C’est une chose affligeante de voir un homme sérieux accepter aussi légèrement les imaginations des anatomistes spéculatifs, et prendre la science à l’état où elle était il y deux siècles.

Qui ne sait aujourd’hui que la teinte noire des nègres provient du tissu réticulaire de Malpighi, que ce tissu placé sous l’épiderme et commun à tous les animaux, est ce qui nous donne une coloration plus ou moins foncée selon la propriété plus ou moins foncée de ses sécrétions ? Il n’y a de noir chez le noir, que son épiderme. Nous avons vu des cadavres de nègres gonflés par les gaz qui se dégagent après la mort, le plus léger frottement, qui suffit alors comme on sait pour enlever cette épiderme, laissait voir une peau parfaitement rosée.

Il y a ici une observation assez extraordinaire à présenter. Il est généralement admis par la science que la décoloration, partielle ou complète, d’acquisition ou de naissance, est le résultat d’une dégénération.
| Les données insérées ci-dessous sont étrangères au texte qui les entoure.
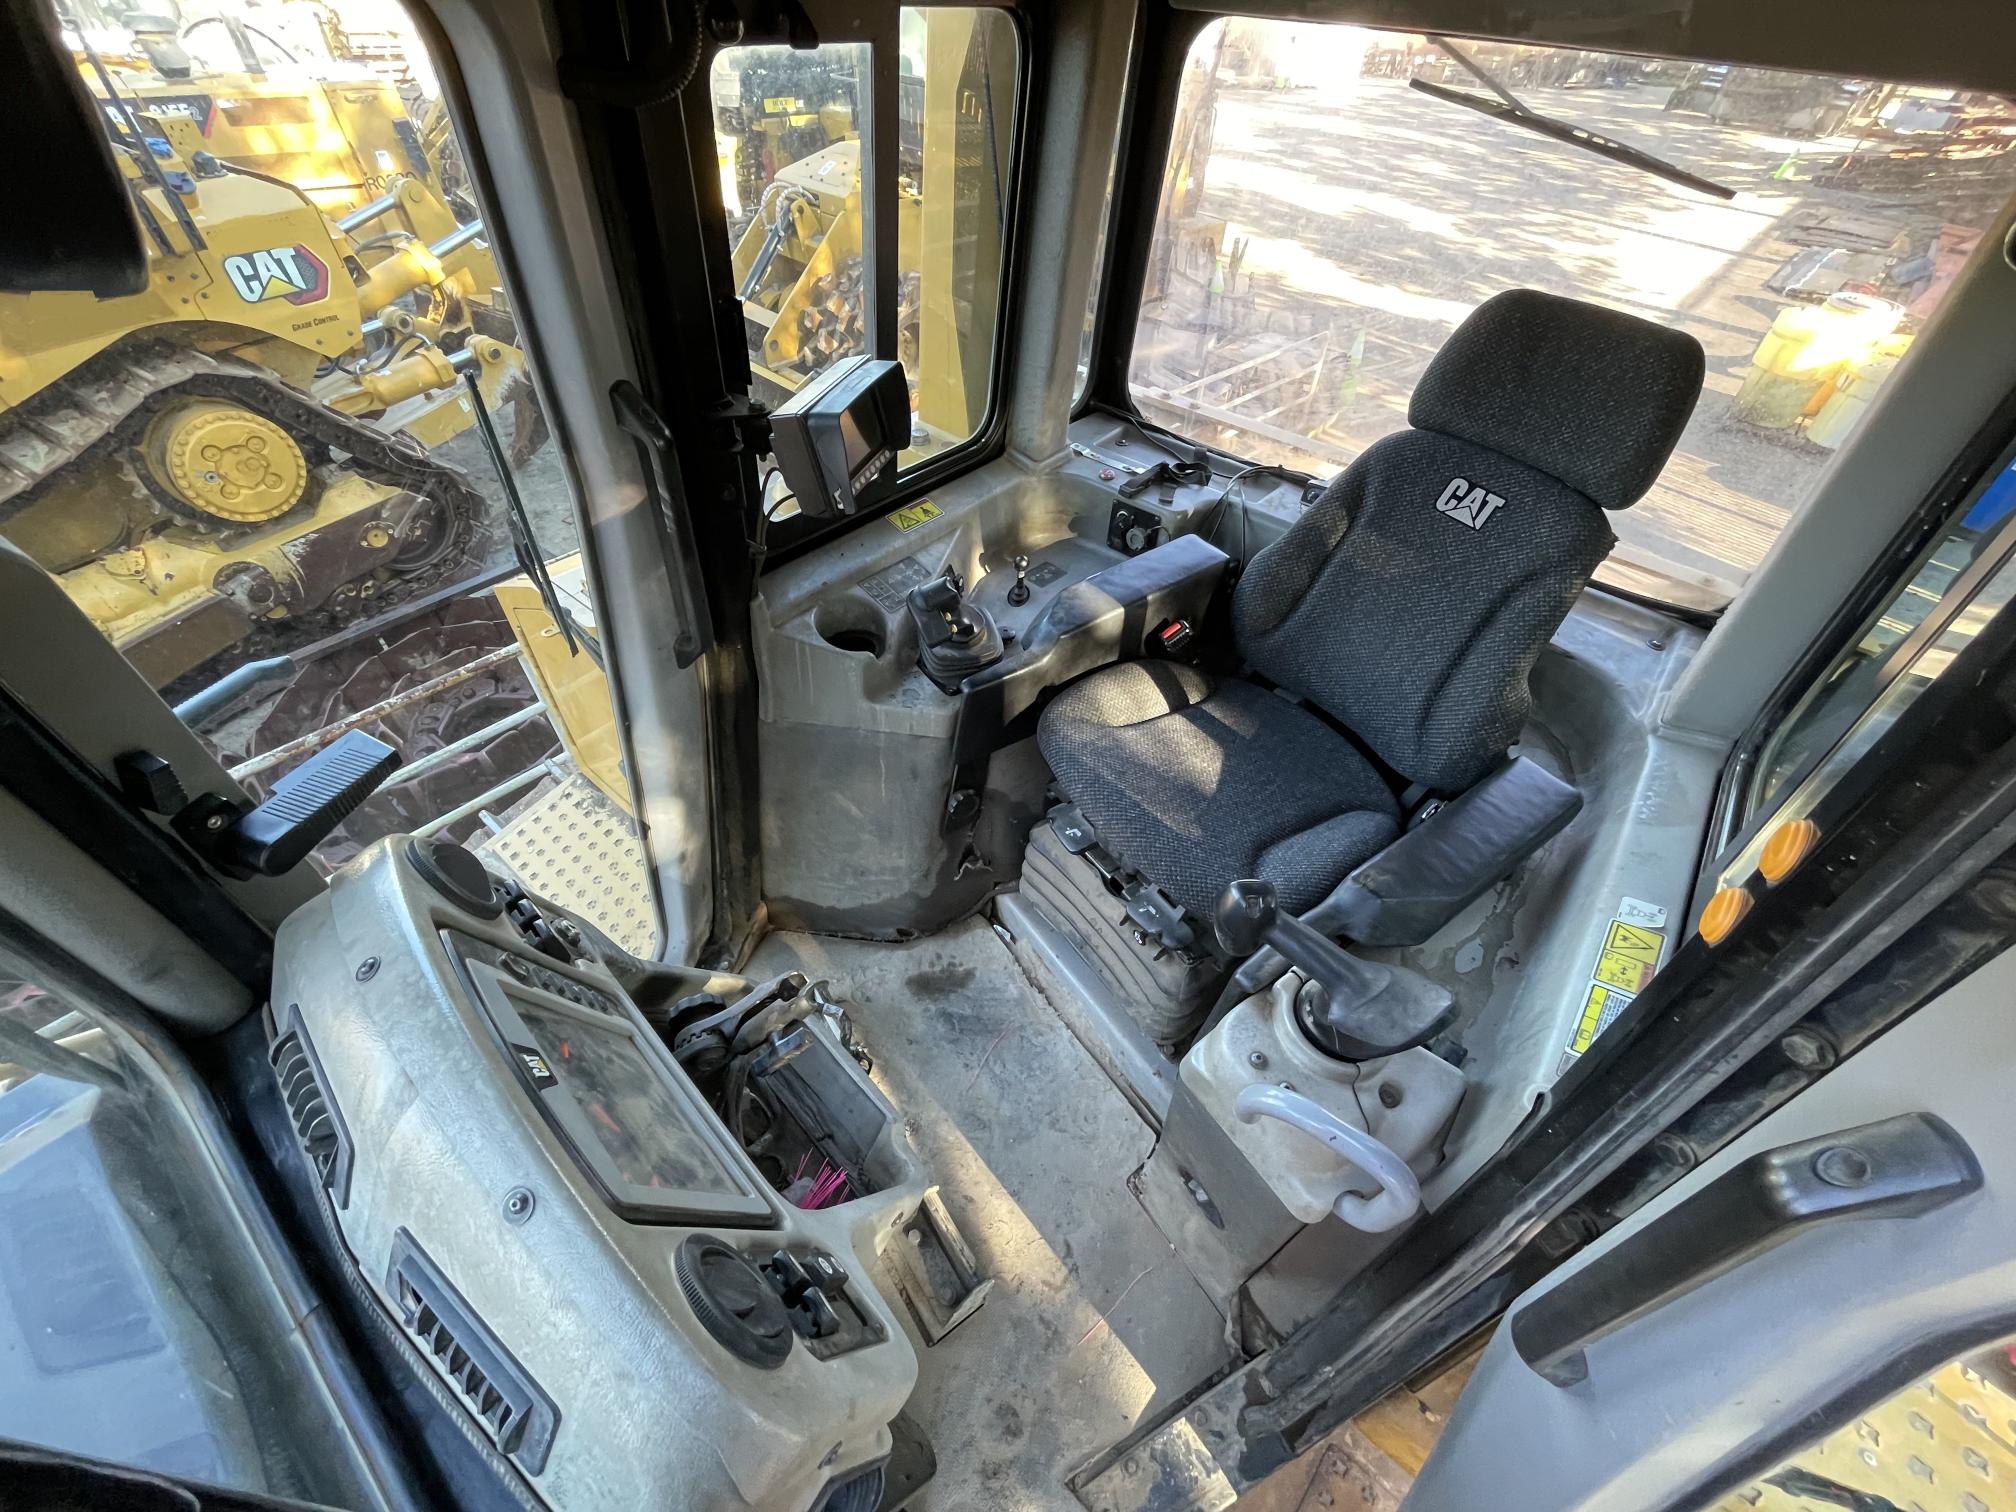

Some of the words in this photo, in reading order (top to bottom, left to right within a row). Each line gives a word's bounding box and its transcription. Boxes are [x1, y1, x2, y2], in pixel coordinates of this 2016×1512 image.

[224, 247, 307, 302] CAT
[314, 315, 340, 326] CONTROL
[1436, 477, 1506, 530] CAT
[521, 1053, 550, 1077] CAT
La femme toujours plus claire que l’homme, est aussi toujours plus faible, l’homme blond est également plus faible que l’homme brun ; les individus frappés d’inertie par l’âge ou le froid, blanchissent en raison de leur épuisement comme l’homme en vieillissant, comme la marmotte en s’endormant de son sommeil hibernal ; la chlorose qui énerve celui qu’elle atteint est blanche, la leucose ou blafardise, ne laisse aucune force à celui qui en est attaqué ; les Albinos sont tous des êtres infirmes et valétudinaires. Si donc le teint de la peau est en quelque sorte un thermomètre de vigueur au physique comme au moral, et c’est M. Virey lui-même qui nous fournit cette expression pittoresque, les philosophes comme Knight[2] qui firent de la couleur noire l’attribut de la race primitive dans tous les animaux, le firent avec raison, et logiquement, il nous semble, le nègre deviendrait le type par excellence, et devrait être placé au premier degré de l’échelle humaine.
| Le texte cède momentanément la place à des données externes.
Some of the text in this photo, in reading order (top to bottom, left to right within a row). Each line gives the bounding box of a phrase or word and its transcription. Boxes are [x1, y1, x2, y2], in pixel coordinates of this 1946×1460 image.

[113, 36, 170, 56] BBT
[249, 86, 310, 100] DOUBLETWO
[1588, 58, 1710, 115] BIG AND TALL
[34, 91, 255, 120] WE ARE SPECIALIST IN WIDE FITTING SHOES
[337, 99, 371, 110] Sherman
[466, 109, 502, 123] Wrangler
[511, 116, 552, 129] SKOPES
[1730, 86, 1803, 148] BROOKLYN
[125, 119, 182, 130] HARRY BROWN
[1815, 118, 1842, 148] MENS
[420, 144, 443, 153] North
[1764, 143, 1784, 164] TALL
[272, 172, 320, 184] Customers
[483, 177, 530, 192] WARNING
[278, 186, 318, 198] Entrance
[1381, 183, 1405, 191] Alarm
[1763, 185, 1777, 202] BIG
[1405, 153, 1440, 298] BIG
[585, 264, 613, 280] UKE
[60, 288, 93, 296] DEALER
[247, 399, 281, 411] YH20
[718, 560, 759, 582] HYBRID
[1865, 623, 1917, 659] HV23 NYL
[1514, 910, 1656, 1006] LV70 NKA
Nous n’attachons aucune valeur d’argumentation à cette hypothèse, dont sans nul doute on n’eût pas manqué de faire usage au détriment des Africains, si le contraire avait eu lieu ; mais nous ne pouvons nous empêcher de faire remarquer qu’elle s’accorde avec les traditions d’une antiquité immémoriale, qui présentent les hommes noirs comme les premiers civilisés du globe.

Passons : si le sang des nègres et leurs viscères sont noirâtres, au dire de M. Virey, toujours à la suite de Sommering, leurs os en revanche sont plus blancs que les nôtres.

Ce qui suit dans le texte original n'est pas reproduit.